- _EXERCISE OBJECTIVE_
Repeat, word for word, each of the records shown below, without their pictures.

- _GIVEN RECORDS_
'''

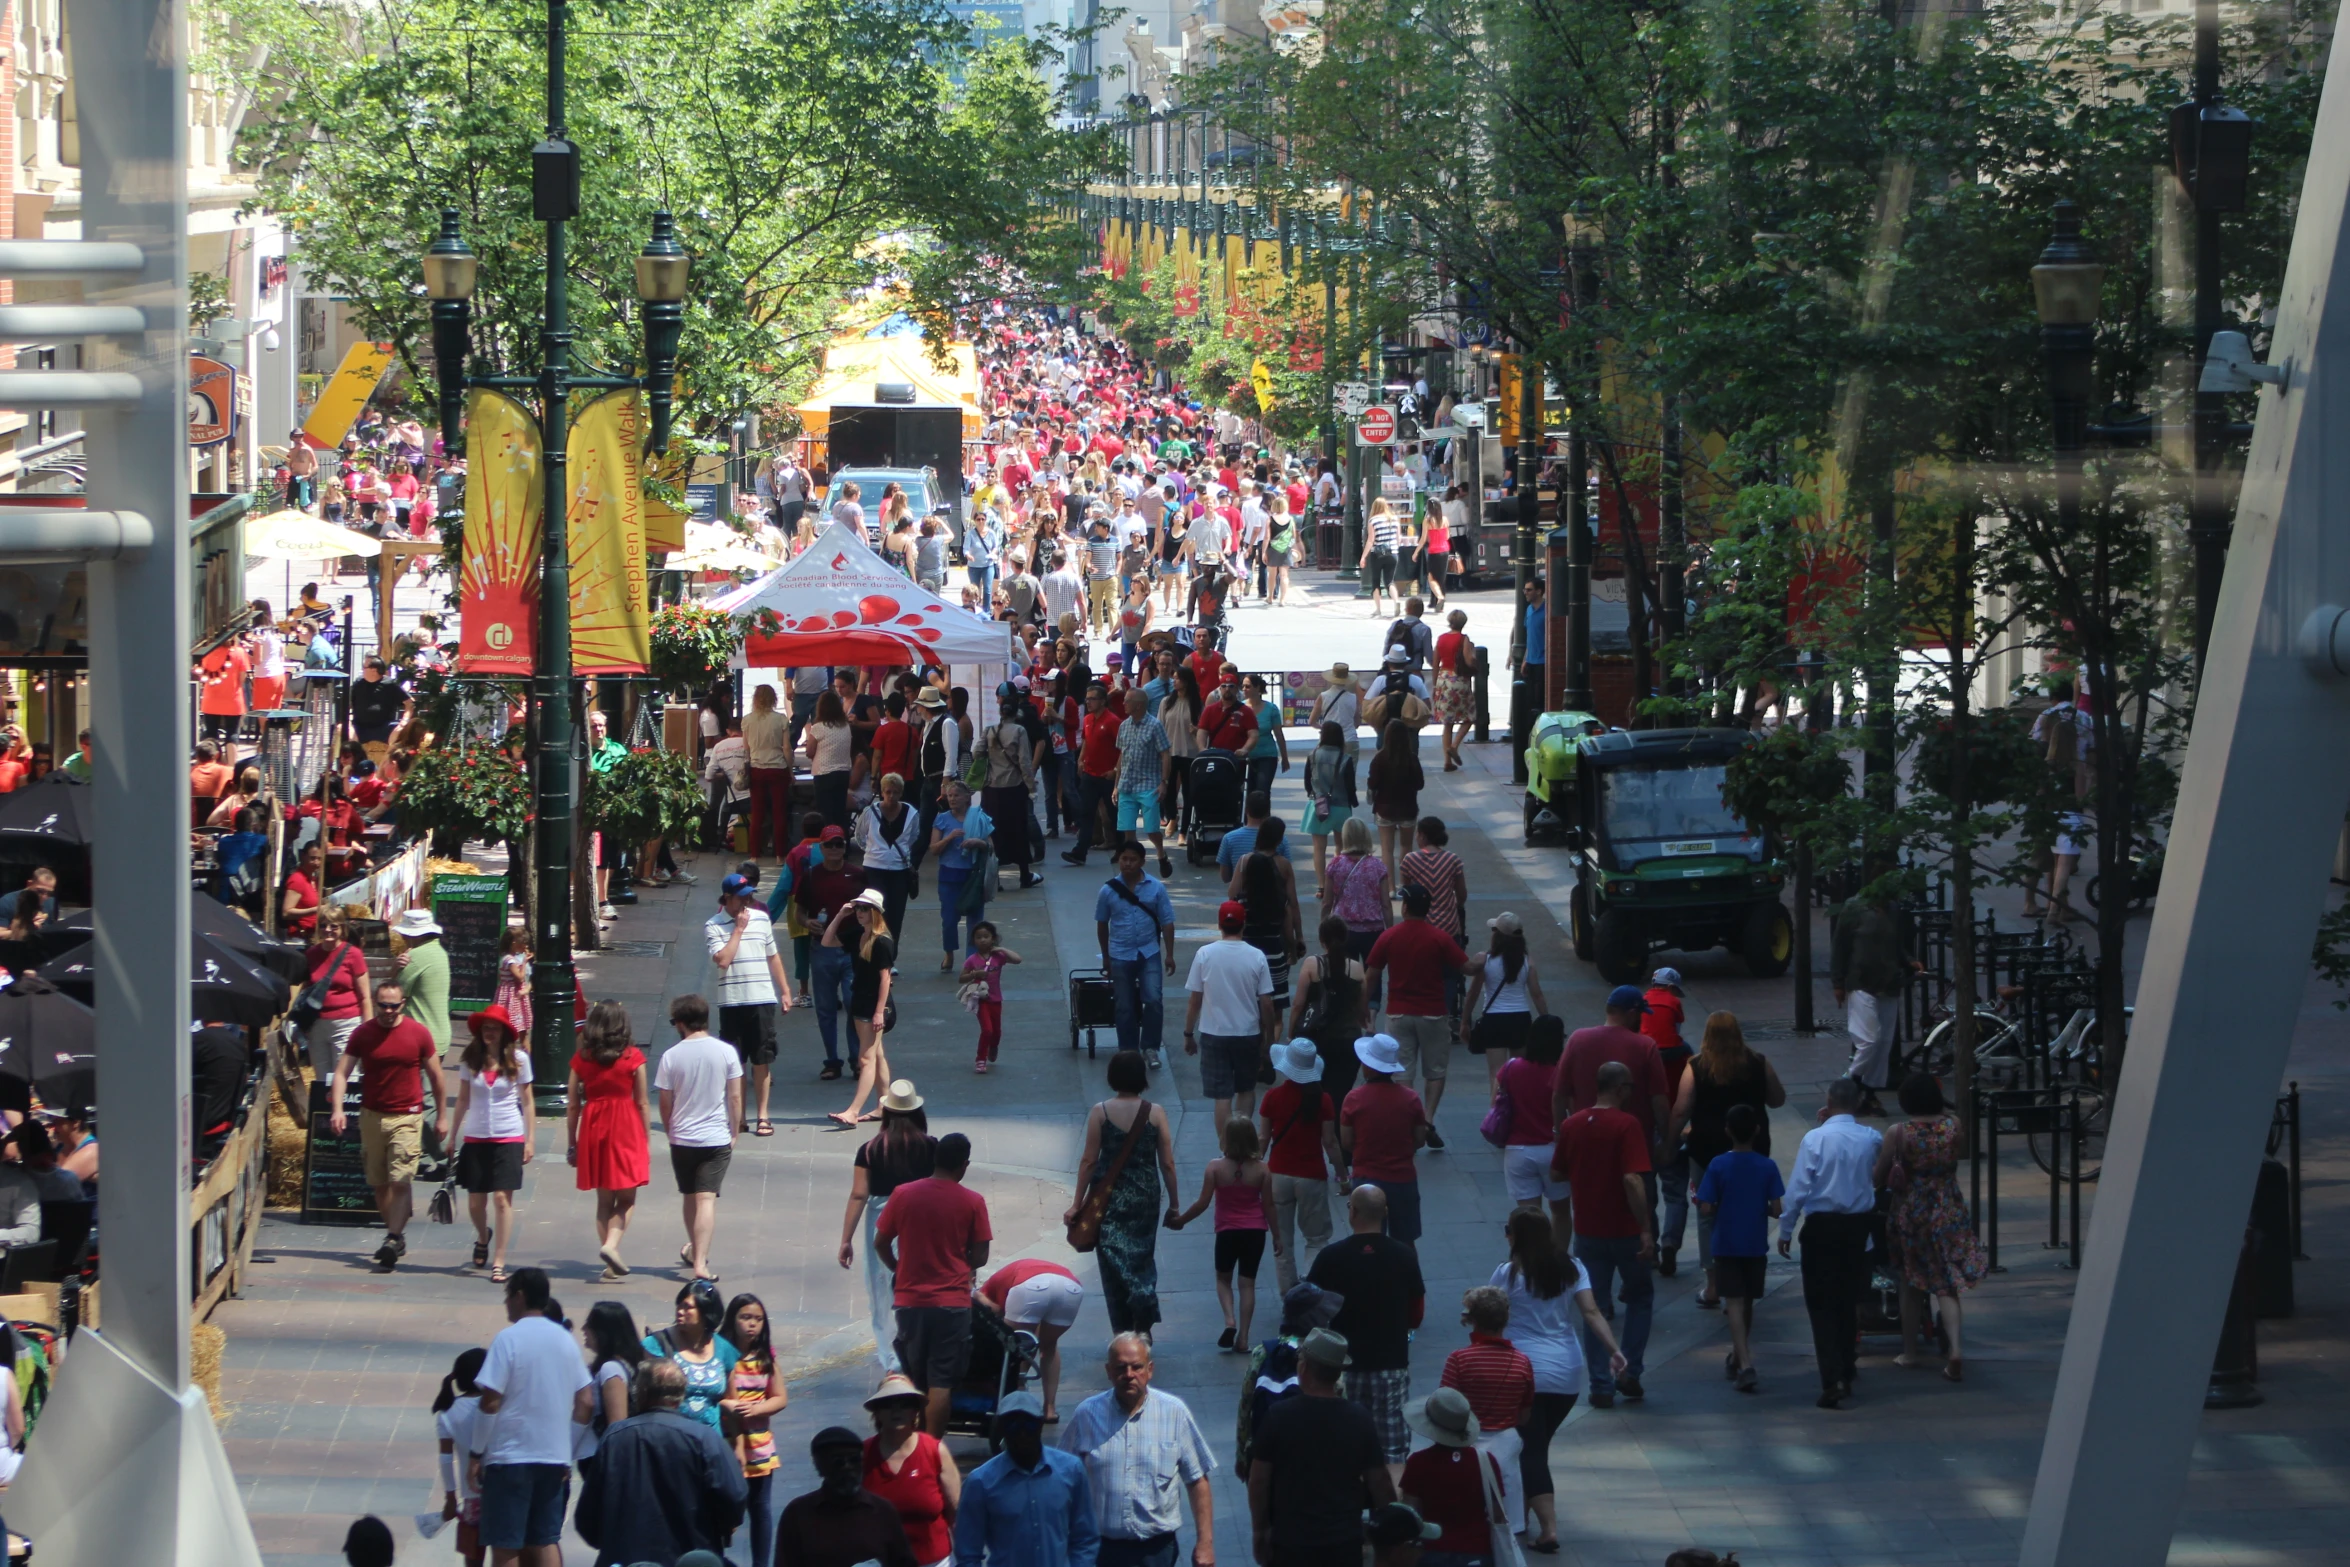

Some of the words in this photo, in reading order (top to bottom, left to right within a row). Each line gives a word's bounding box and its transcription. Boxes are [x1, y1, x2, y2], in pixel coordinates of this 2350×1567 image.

[1375, 414, 1390, 422] NOT
[617, 400, 637, 448] Walk
[621, 451, 639, 526] Avenue
[275, 539, 323, 550] Coors
[622, 532, 645, 614] Stephen
[785, 574, 828, 582] Canadian
[860, 573, 898, 582] Services
[778, 581, 812, 589] Société
[885, 582, 907, 590] sang
[463, 653, 504, 661] downtown
[505, 654, 532, 664] calgary

'''

- _THE COMPLETED TASK_
Some of the words in this photo, in reading order (top to bottom, left to right within a row). Each line gives a word's bounding box and its transcription. Boxes are [x1, y1, x2, y2], in pixel coordinates of this 2350×1567 image.

[1375, 414, 1390, 422] NOT
[617, 400, 637, 448] Walk
[621, 451, 639, 526] Avenue
[275, 539, 323, 550] Coors
[622, 532, 645, 614] Stephen
[785, 574, 828, 582] Canadian
[860, 573, 898, 582] Services
[778, 581, 812, 589] Société
[885, 582, 907, 590] sang
[463, 653, 504, 661] downtown
[505, 654, 532, 664] calgary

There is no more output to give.